Welcome to your last week of Bereavement Boot Camp. I hope that it has been a wonderful period of growth, discovery... and perhaps just a little bit of anticipation for the future. As we wrap up Boot Camp, I want to share a brief story that I hope you will take into your heart and incorporate into your Healing Journey -- remembering your past, embracing your today and looking to your future.
I had been just over a year widowed when my mother gave me very wise advice that I follow to this very day. At that moment in time and in addition to Mike's passing (six days before Christmas and in the middle of Hanukah), I had also endured a year that included the suicide death of my uncle ten days prior to Mike's death, major abdominal surgery (an emergency) three weeks after Mike's death and the death of my father four months after losing Mike.
It was at that moment in time that Mom told me to stop and look back at how far I had progressed... and that is exactly what I did.
In terms of a Healing Journey, one year (especially the first year) doesn't seem very long and with good reason -- it isn't very long.
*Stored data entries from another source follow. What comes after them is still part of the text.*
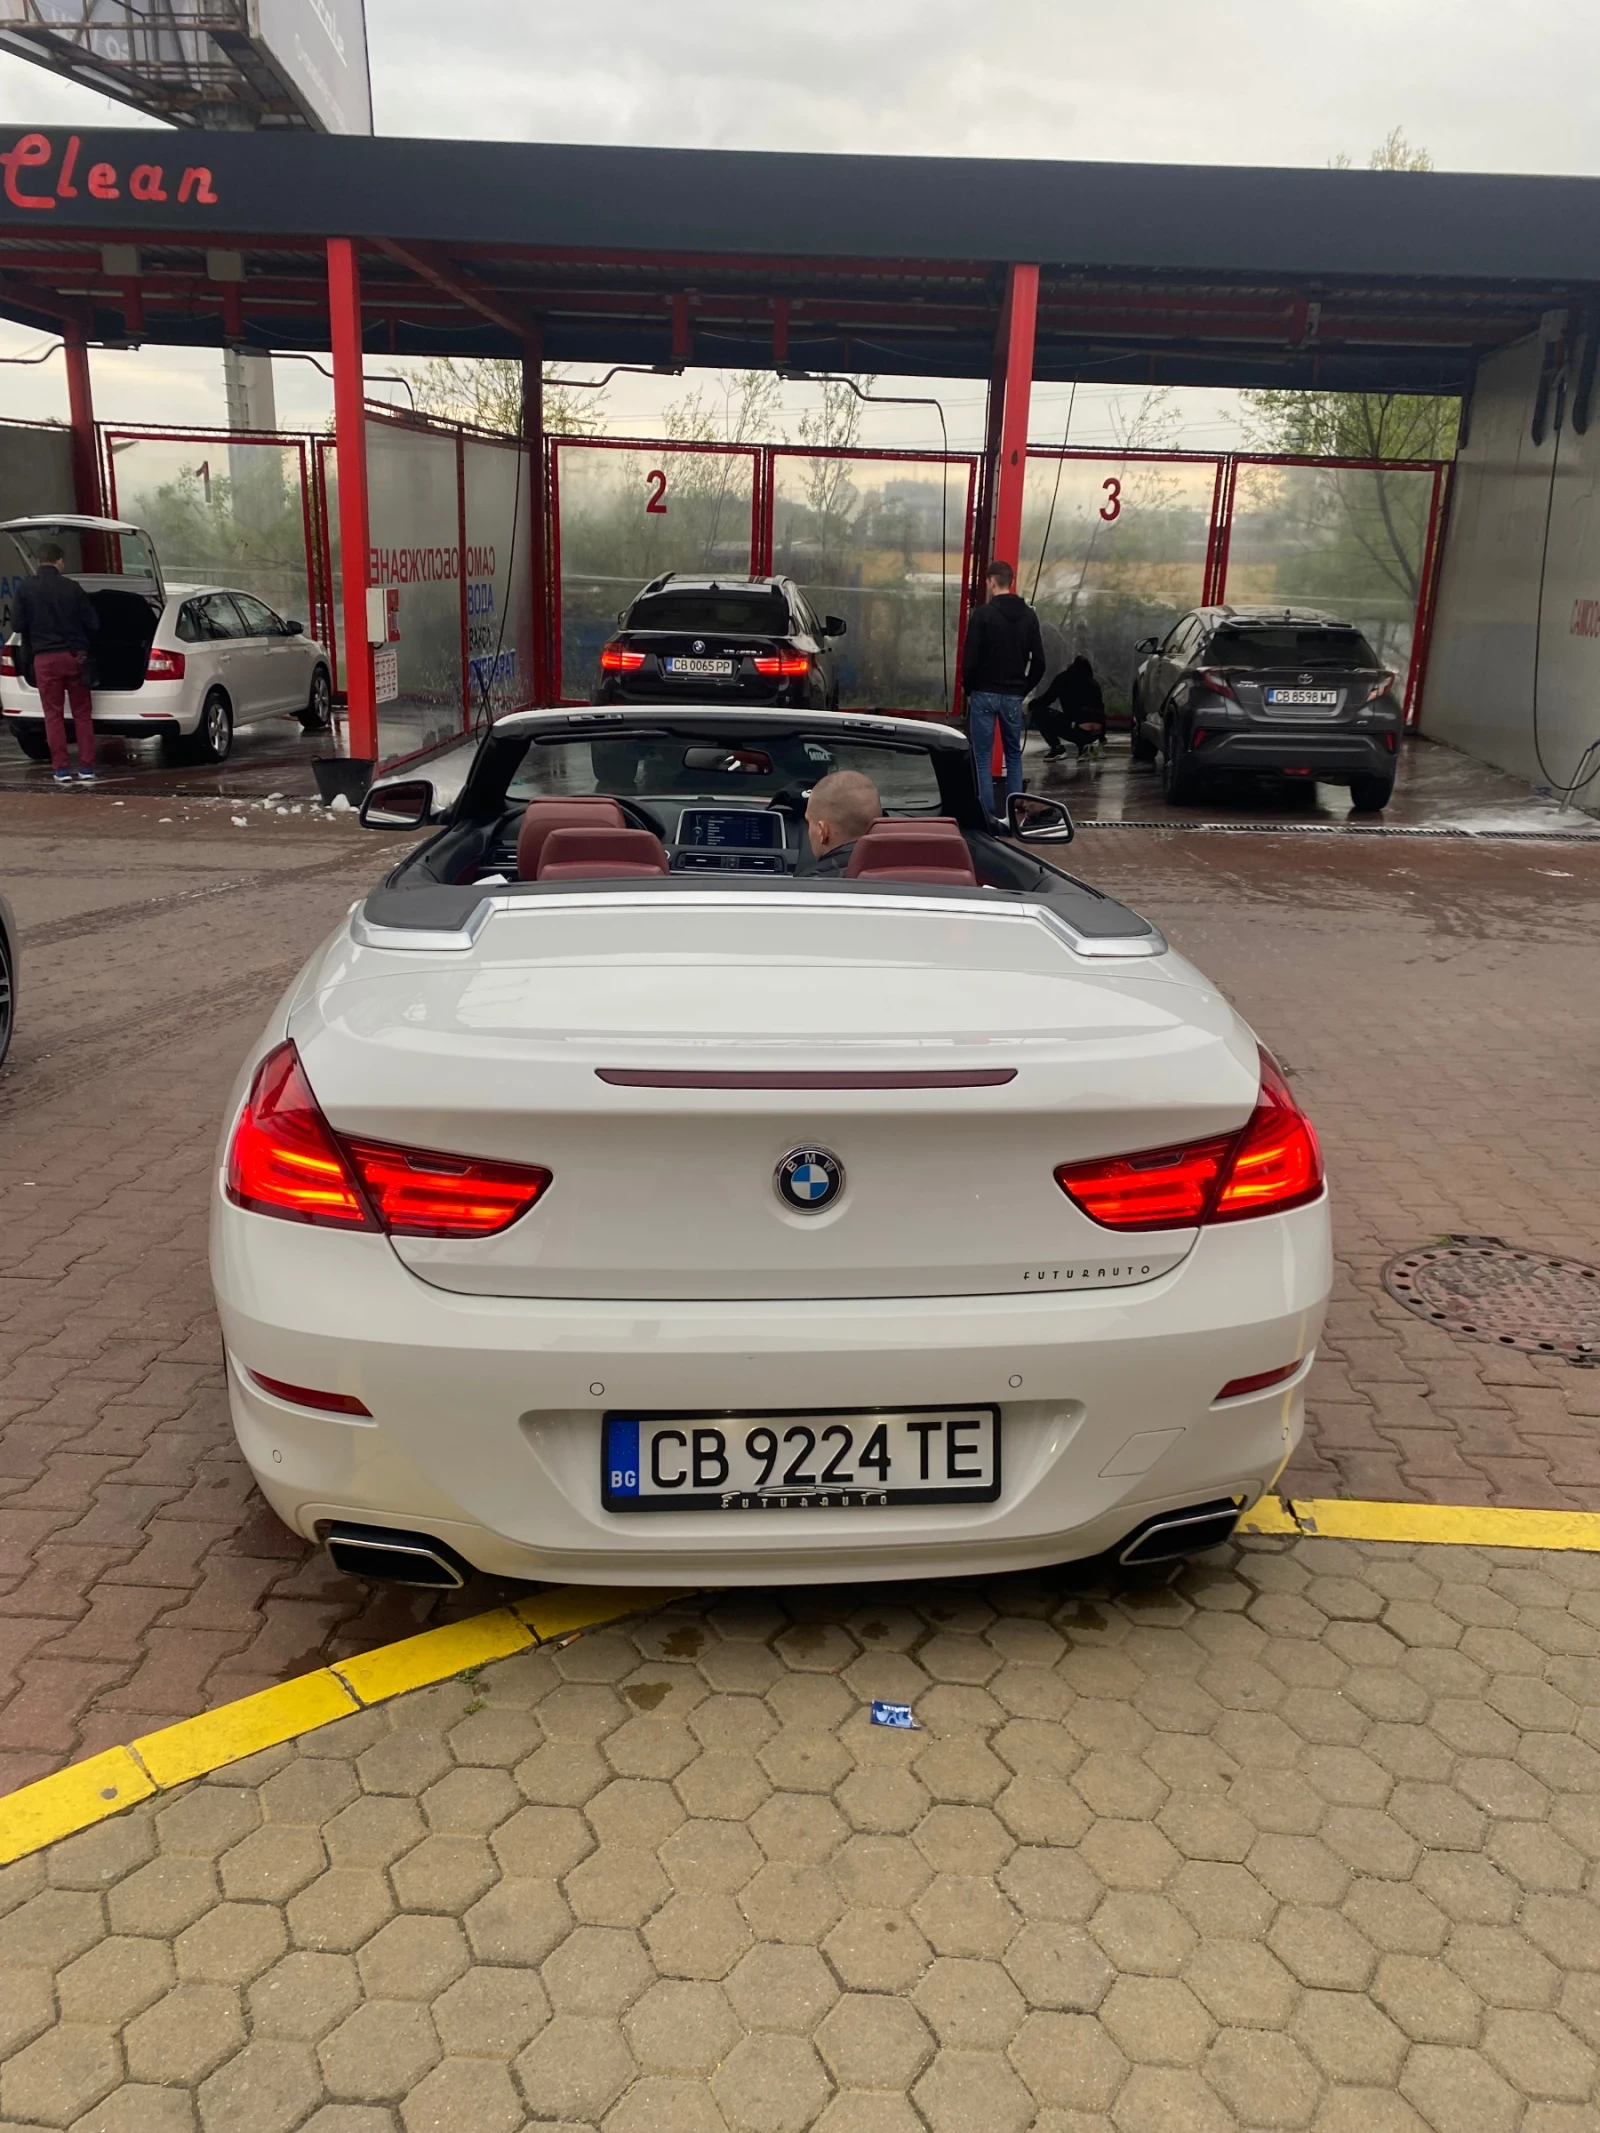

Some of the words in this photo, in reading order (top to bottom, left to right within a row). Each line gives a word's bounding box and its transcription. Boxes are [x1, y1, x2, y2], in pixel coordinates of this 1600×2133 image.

[0, 133, 218, 209] Clean
[195, 460, 212, 503] 1
[646, 469, 667, 514] 2
[1099, 477, 1121, 521] 3
[674, 659, 688, 671] CB
[690, 660, 714, 671] 0065
[716, 661, 730, 672] PP
[1275, 691, 1290, 702] CB
[1292, 691, 1318, 702] 8598
[785, 1153, 836, 1173] BMW
[1023, 1265, 1150, 1280] FUTURAUTO
[651, 1428, 730, 1488] CB
[745, 1422, 892, 1486] 9224
[906, 1420, 983, 1480] TE
[611, 1470, 636, 1488] BG
However, when I actually stopped and examined how far I had progressed up to that point (and how far I have progressed since that time many years ago), I began appreciating the healing that I had accomplished. To this very day, I still take those occasional pauses to look back and remind myself just how far I have traveled since that awful season in time when I thought that I would never see light or know love ever again. In that same spirit, I invite you to take a periodic pause to stop, look back and see just how far you have come in your recovery -- whether your loss event was 10 months ago or 10 years ago.
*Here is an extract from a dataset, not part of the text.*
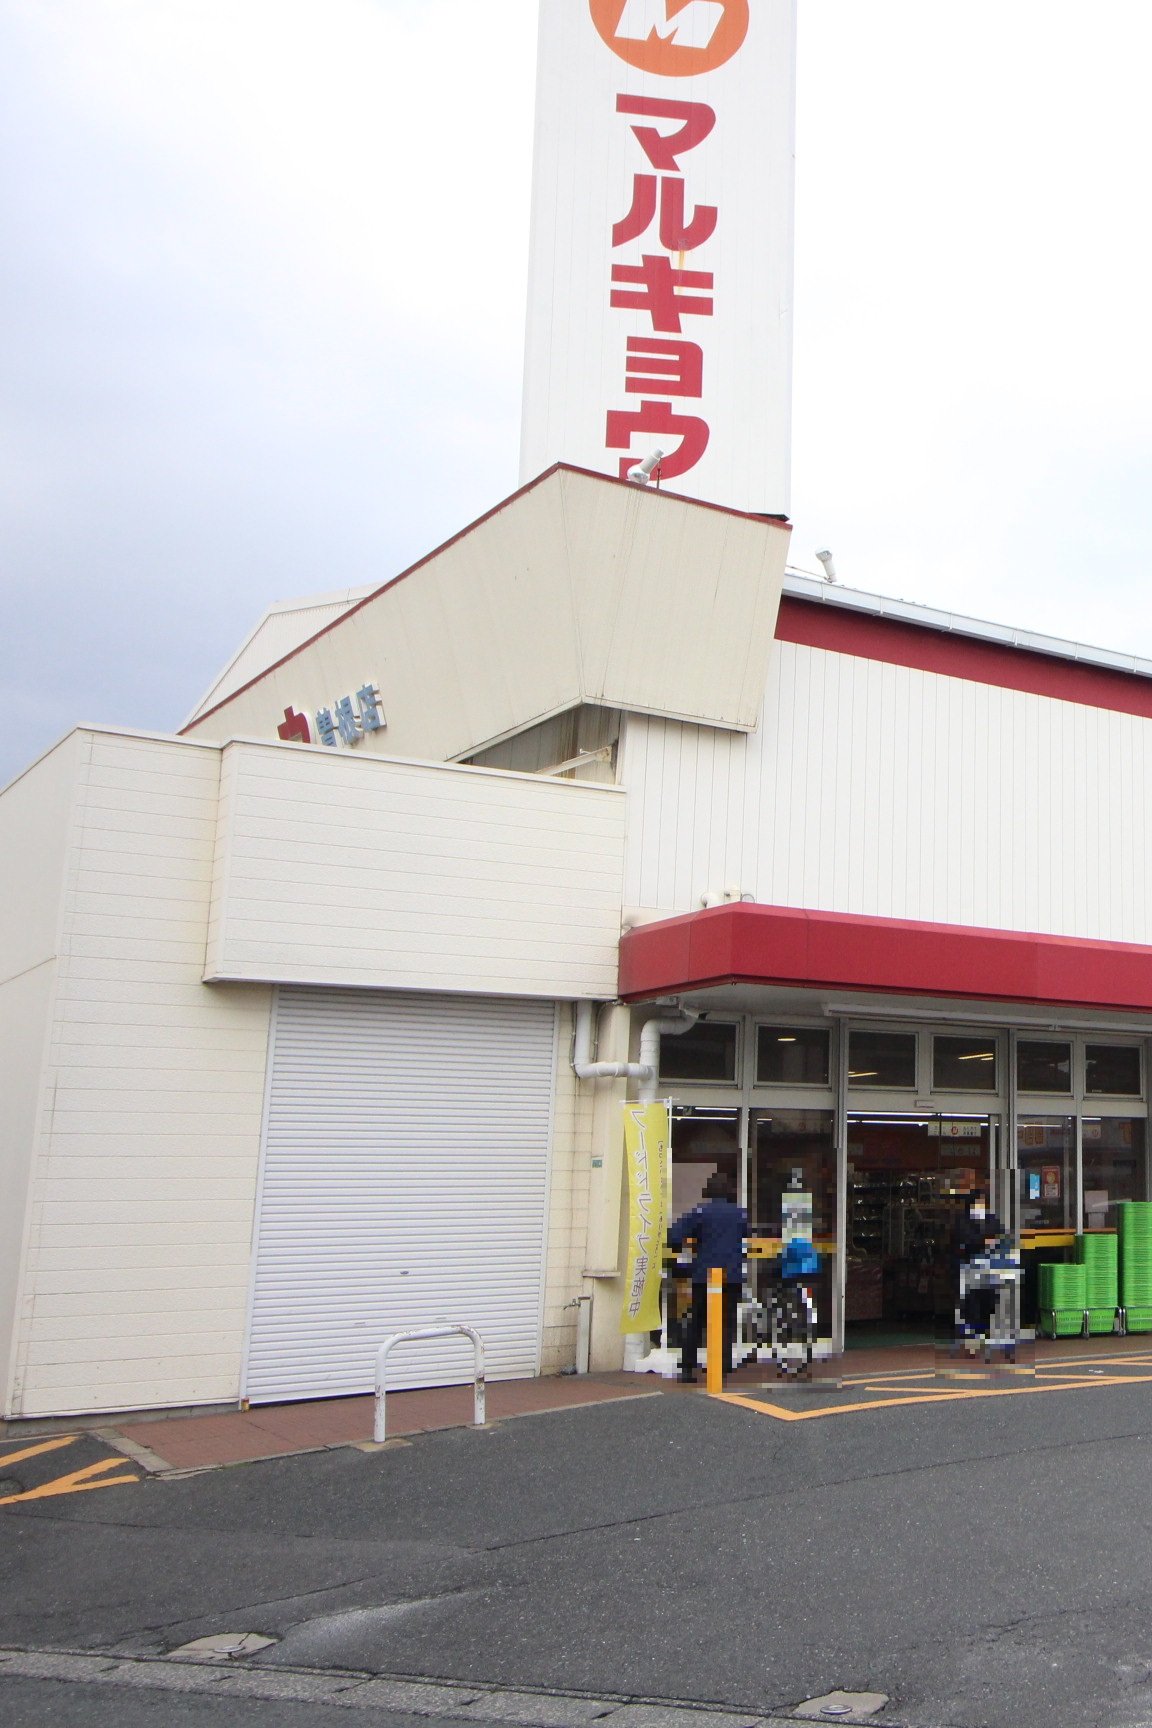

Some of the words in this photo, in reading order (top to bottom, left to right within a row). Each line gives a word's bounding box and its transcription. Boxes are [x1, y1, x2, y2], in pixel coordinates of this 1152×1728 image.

[606, 93, 718, 481] マルキョウ
As you continue forward on your Healing Journey, be reminded to:
a. Continually make the choice to keep healing and moving into your future: It seems rather obvious, but believe it or not, many people do not make a conscious choice to begin -- or continue -- the healing process. Remember that just by being here, we are entitled to every abundance, happiness and dream that we want to chase -- but you have to choose to do so.
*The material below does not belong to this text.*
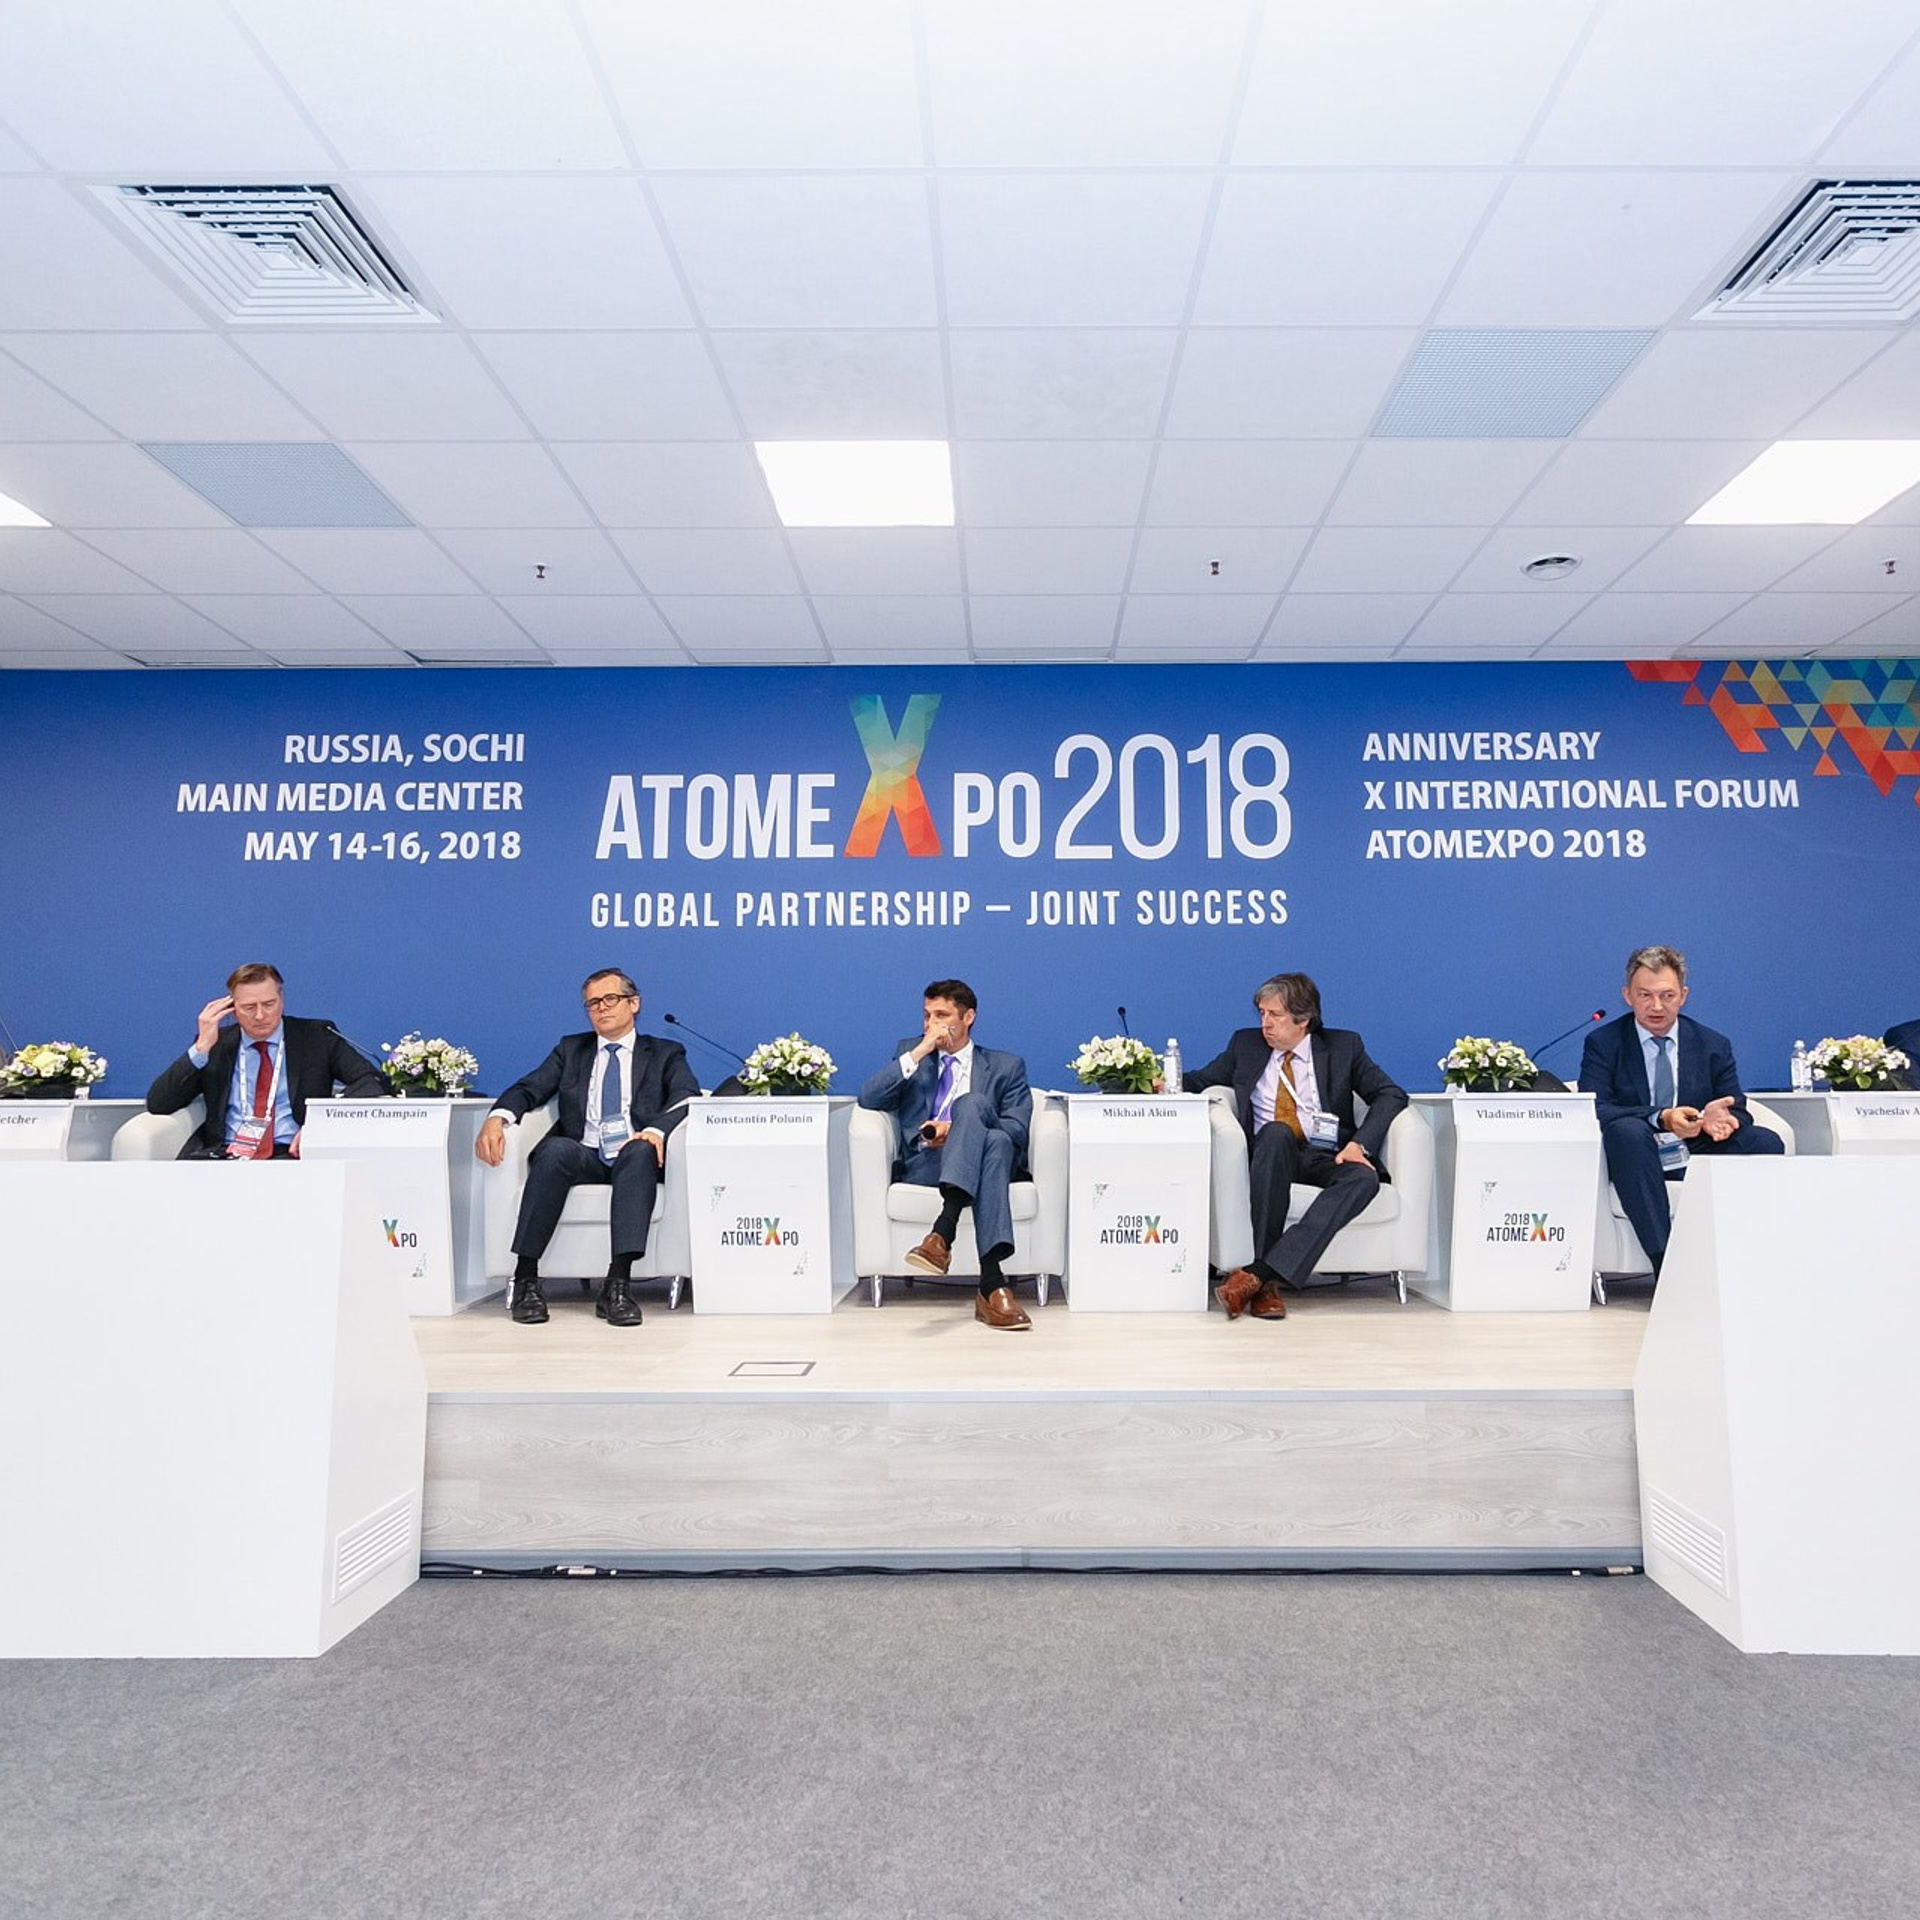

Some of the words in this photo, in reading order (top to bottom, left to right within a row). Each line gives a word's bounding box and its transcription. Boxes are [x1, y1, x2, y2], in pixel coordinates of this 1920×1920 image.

b. Make time to grieve however you see fit: Most of us don't have the luxury of giving in to grief whenever the spirit takes us -- we are at work, we are running the kids, we are running errands... we're usually running somewhere and if you are anything like me, you are usually about 15 minutes behind. However, if you do not take the time to grieve, your grief will come back to bite you at some point -- that is a absolute guarantee. By setting aside "me" time (that does not include any distractions), you are allowing yourself to actually move through the grieving process in a healthy way.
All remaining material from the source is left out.